A surgicenter I work at in the downtown Chicago area:

Below is a nice article on lymphedema with some links:



One of the most common questions I get asked is what type of breast imaging should I get.  There are 3 options today, a mammogram, either analog or digital, a breast ultrasound, or a breast MRI.  I will mention thermagrams and Miraluma scans only to tell you that they have not not been shown to be useful.

  Mammograms are clearly still the best screening test we have.  I recommend a baseline mammogram between 35-40 and then yearly after 40.  Under special circumstances, such as a significant family history of breast cancer, we may get them earlier but that is not common.  Mammograms tend to not be very accurate in young breasts.  The big question today is should I get digital or analog(film screen) mammograms.  Most studies have not shown a significant difference between them, but a recent large study may have different information.  They gave both types of mammograms to patients and compared the reliability of them. When they looked at the whole study there was no difference. But when they looked at the subset of young patients with dense breasts, they found that the digital mammograms were more accurate.  That study was on the news and stirred a whole debate on what is the best mammogram to get.  For woman who are postmenopausal it probably does not make a difference.  For pre- menopausal woman who have dense breasts, perhaps there is a difference.  My concern is that the study was done under study conditions where they were reviewing the mammograms very intensely and playing with the computer controls to seek out abnormalities.  Is that the real world?  Only time will tell.  To me the most important issue is to get your mammogram at a good facility with good radiologists.

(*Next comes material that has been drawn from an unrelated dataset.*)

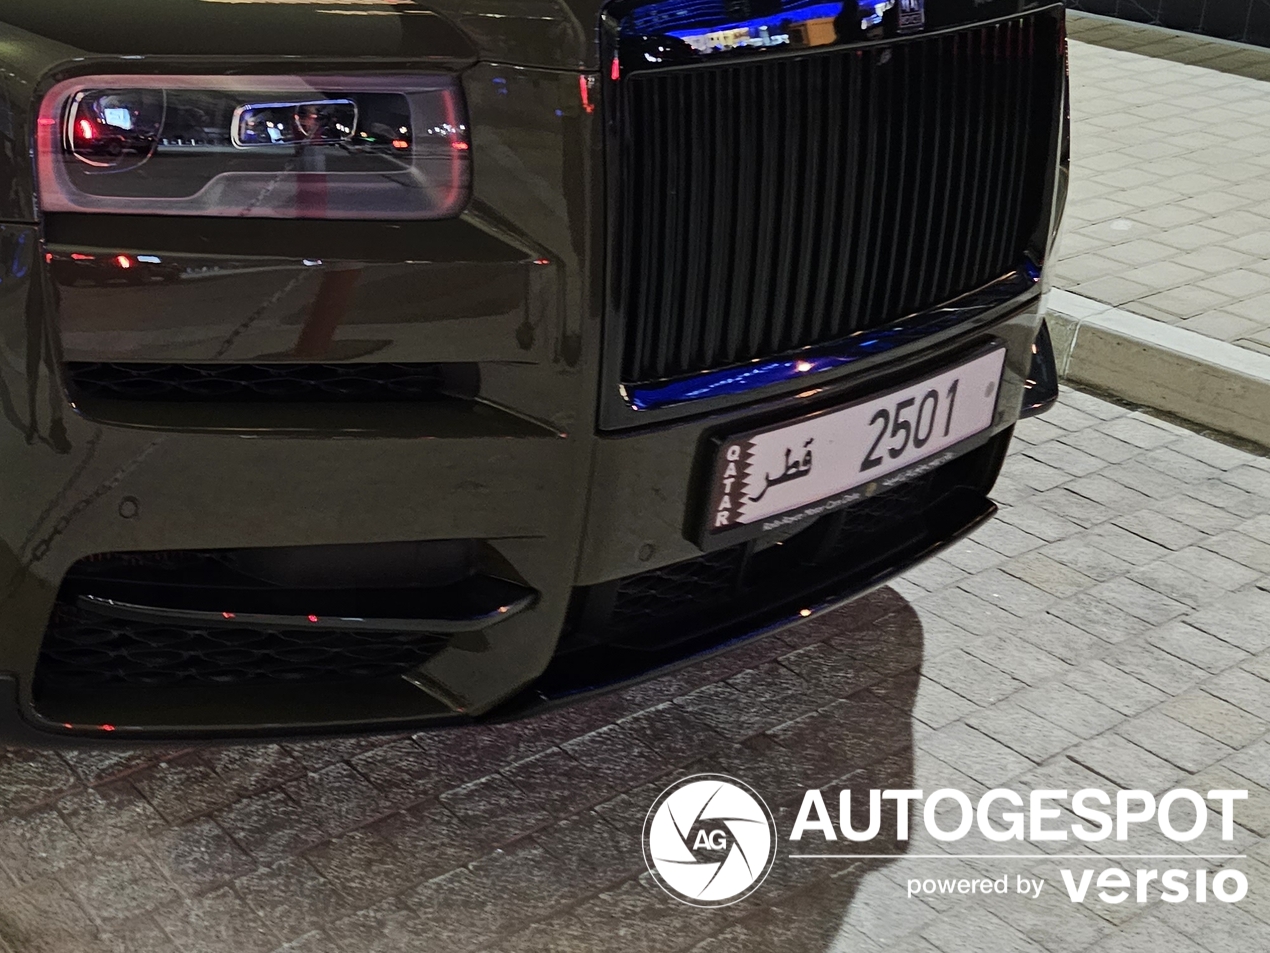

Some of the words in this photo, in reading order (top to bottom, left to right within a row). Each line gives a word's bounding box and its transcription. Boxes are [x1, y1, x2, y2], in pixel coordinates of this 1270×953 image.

[859, 378, 960, 473] 2501
[715, 445, 741, 527] QATAR
[748, 438, 814, 502] قطر

Breast ultrasound is a great diagnostic study but probably not a great screening tool. What do I mean by that?  A diagnostic study is using the technology to look at an area of the breast that either by mammogram or exam is concerning.  A screening exam is looking at a patient who has no issues on exam or mammogram and seeing if we can see a problem on ultrasound.  By today's techniques screening ultrasounds are not recommended.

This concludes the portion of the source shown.